A maior parte das companhias (60%) projeta crescimento no orçamento de TI
O estudo IT Trends Snapshot 2025 promovido pela Logicalis, empresa global de soluções e serviços de tecnologia da informação e comunicação, em parceria com a consultoria Stratica, revela um foco claro em eficiência operacional, transformação de processos críticos, melhoria da experiência do cliente e fortalecimento da segurança digital para o ano de 2026.
O levantamento foi realizado com CIOs e gestores de TI de médias e grandes empresas brasileiras e aponta que 67% dos executivos têm como principal prioridade de negócio aumentar a eficiência operacional, seguida pela melhoria da experiência do cliente (59%) e pela otimização de processos (57%). No orçamento, entre as companhias que faturam acima de R$ 1 bilhão, 59% projetam crescimento no orçamento de TI, sendo que 32% esperam aumento acima de 10%.
Na esfera tecnológica, a segurança da informação lidera pelo quarto ano consecutivo a agenda dos CIOs, sendo apontada como prioridade por 80% dos entrevistados. O crescimento das ameaças cibernéticas baseadas em IA (como phishing hiper personalizado, deepfakes e engenharia social) reforça a necessidade de estratégias mais integradas e proativas. Ainda assim, apenas metade das empresas conta com um Security Operation Center (SOC), o que evidencia uma lacuna crítica na capacidade de monitoramento contínuo.
“Os dados mostram que o grande desafio das empresas continua sendo a eficiência operacional e a segurança digital. As prioridades refletem a necessidade de reforçar os investimentos em áreas que entregam valor real ao negócio, seja pelo retorno rápido proporcionado por melhorias de processos ou pela continuidade e integridade viabilizadas por uma estratégia consistente de cibersegurança”, explica Márcio Caputo, CEO da Logicalis para a América Latina. “As empresas precisam de parceiros e ferramentas que forneçam insights precisos para fazerem os aportes de maneira estratégica, entregando o máximo de valor ao board”, completa.

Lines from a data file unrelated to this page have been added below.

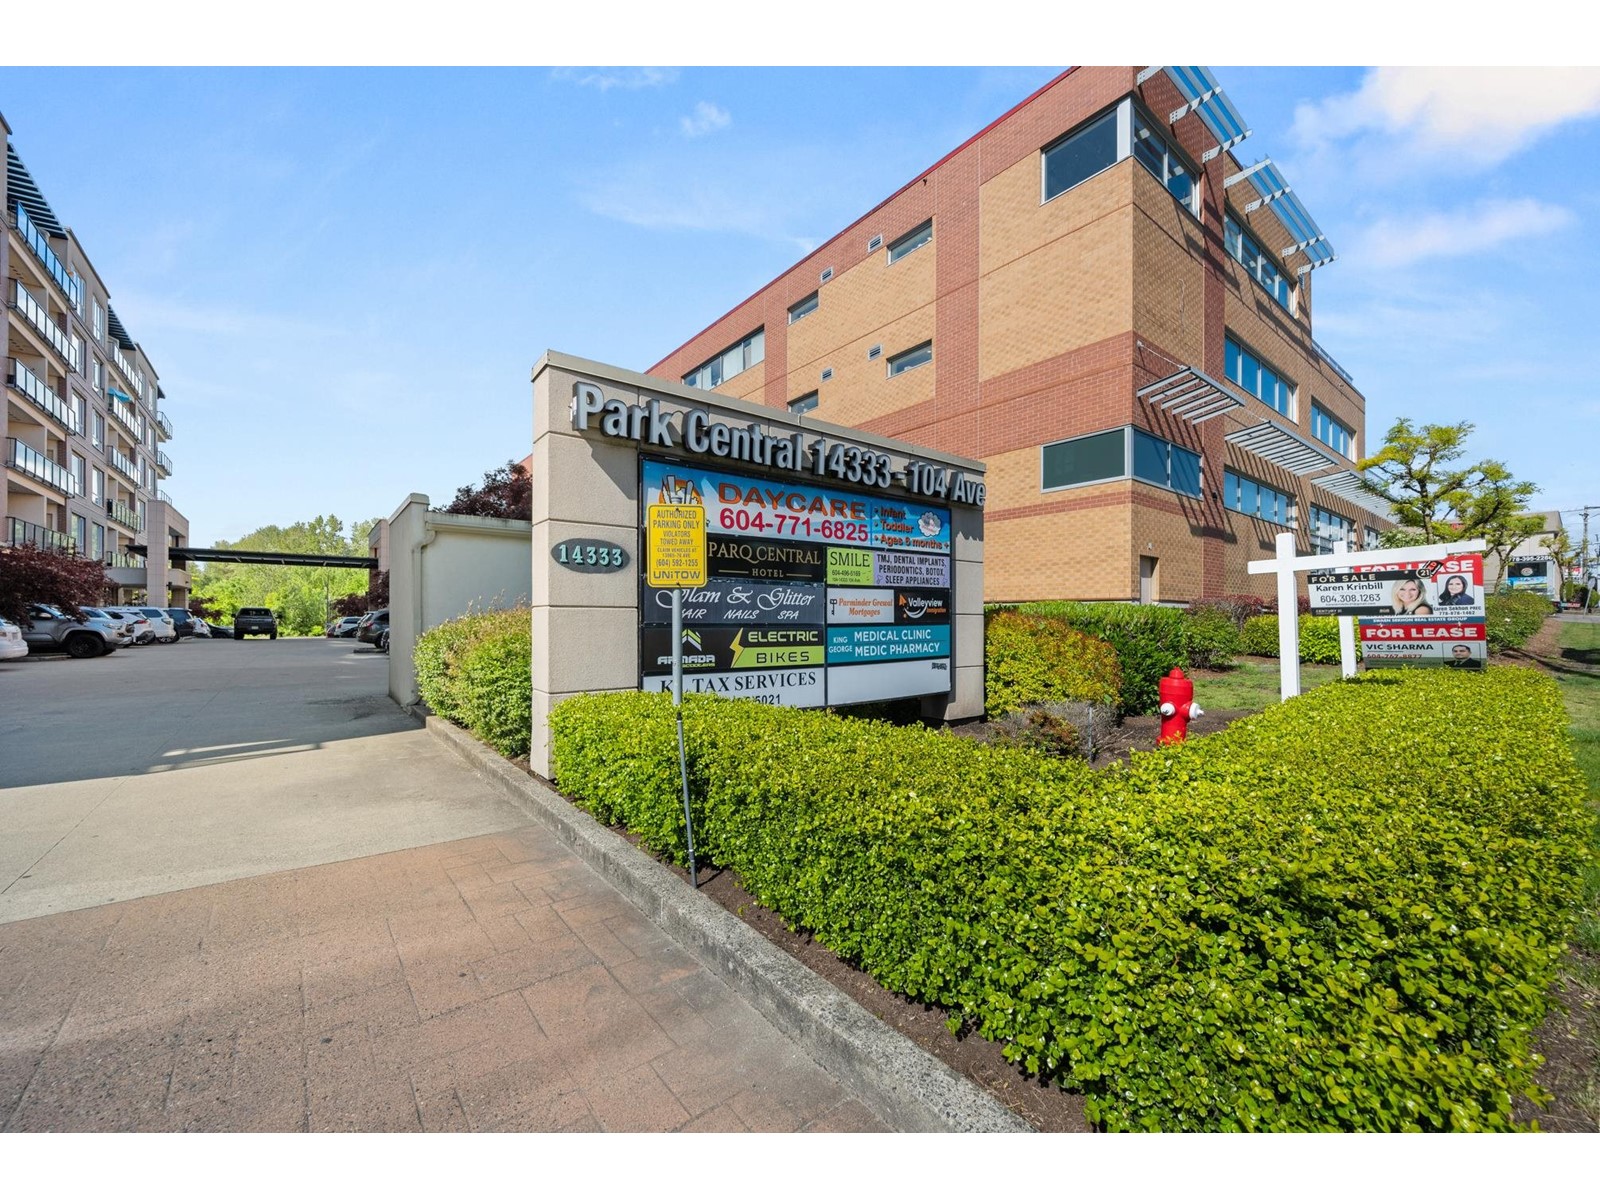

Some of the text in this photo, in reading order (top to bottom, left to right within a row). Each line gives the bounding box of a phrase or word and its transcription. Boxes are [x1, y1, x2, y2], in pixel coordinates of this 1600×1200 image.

[573, 381, 674, 447] Park
[682, 408, 803, 471] Central
[808, 439, 891, 489] 14333
[904, 460, 948, 498] 104
[949, 471, 986, 506] Ave
[718, 482, 867, 520] DAYCARE
[656, 510, 697, 519] AUTHORIZED
[880, 506, 906, 519] Infant
[653, 520, 700, 529] PARKING ONLY
[719, 507, 868, 542] 604-771-6825
[880, 520, 914, 533] Toddler
[880, 534, 903, 547] Ages
[912, 538, 943, 550] months
[559, 544, 623, 566] 14333
[708, 542, 821, 565] PARQ CENTRAL
[830, 551, 870, 568] SMILE
[877, 553, 893, 564] TMJ,
[894, 555, 916, 565] DENTAL
[656, 559, 671, 568] (604)
[752, 568, 784, 577] HOTEL
[1342, 573, 1376, 582] SALE
[1420, 569, 1430, 577] 21
[885, 576, 940, 586] SLEEP APPLIANCES
[1316, 582, 1383, 592] Karen Krinbill
[727, 586, 754, 604] &
[757, 587, 816, 611] Glitter
[838, 598, 872, 607] Parminder
[908, 597, 943, 609] Valleyview
[1320, 593, 1381, 603] 604.308.1263
[681, 608, 799, 620] AIR NAILS SPA
[848, 608, 880, 617] Mortgages
[748, 631, 818, 642] ELECTRIC
[854, 629, 932, 642] MEDICAL CLINIC
[1366, 627, 1478, 638] FOR LEASE
[855, 643, 940, 657] MEDIC PHARMACY
[757, 651, 810, 664] BIKES
[692, 677, 730, 693] TAX
[734, 671, 816, 691] SERVICES

Outras iniciativas de negócios importantes, destacadas no estudo, incluem acelerar a jornada de transformação digital (41%); introduzir novas fontes de receita (33%); e expandir a capacidade de produção ou operação (30%). Temas como novos modelos de negócios digitais, expansão geográfica e fusões e aquisições receberão prioridade menor para 2026, reforçando o foco em otimização e resultado imediato frente a um cenário macroeconômico com maior volatilidade.
“As prioridades de tecnologia refletem a busca por eficiência operacional, experiência do cliente e otimização de processos, uma vez que estão centradas em automação e projetos de inteligência artificial (IA) e machine learning (ML), porém ainda vemos um longo caminho para maturidade de IA nas empresas. Em outra frente, o protagonismo da segurança da informação mostra que resiliência e governança serão a base para a inovação digital”, salienta Cláudia Muchaluat, CRO da Logicalis.
Adoção da IA
A inteligência artificial segue em ascensão nas agendas corporativas, mas ainda enfrenta desafios. Embora 42% das empresas tenham projetos de IA e machine learning como prioridade, apenas 30% conseguiram mensurar ganhos concretos em produtividade. A maioria dos investimentos ainda é pouco estruturada e sem clareza do retorno sobre investimento (ROI). Para 87% dos entrevistados, o impacto da IA depende mais da cultura organizacional do que da tecnologia em si.
Apesar do rápido crescimento na adoção e de cada vez mais empresas com aplicações de IA em produção, o estudo também revela que 74% das empresas ainda não possuem políticas específicas de governança para IA, o que representa um risco crescente diante da evolução das regulamentações. A governança, aliada à estruturação de dados e à definição de diretrizes claras, será fundamental para garantir o uso responsável e eficaz da IA nos próximos anos, assegurando também a segurança e a privacidade.
Estratégia de segurança
Outro destaque do estudo diz respeito às abordagens para proteção dos ambientes adotadas atualmente pelas empresas no país: enquanto 57% preferem a adoção de múltiplas soluções especializadas, 43% optam por plataformas únicas, evidenciando um impasse em relação à escolha da estratégia “correta” a ser adotada. A integração entre ferramentas é apontada como um dos principais desafios, elevando custos e complexidade. Nesse contexto, a simplificação e racionalização das soluções de segurança surgem como caminhos para equilibrar proteção e eficiência operacional.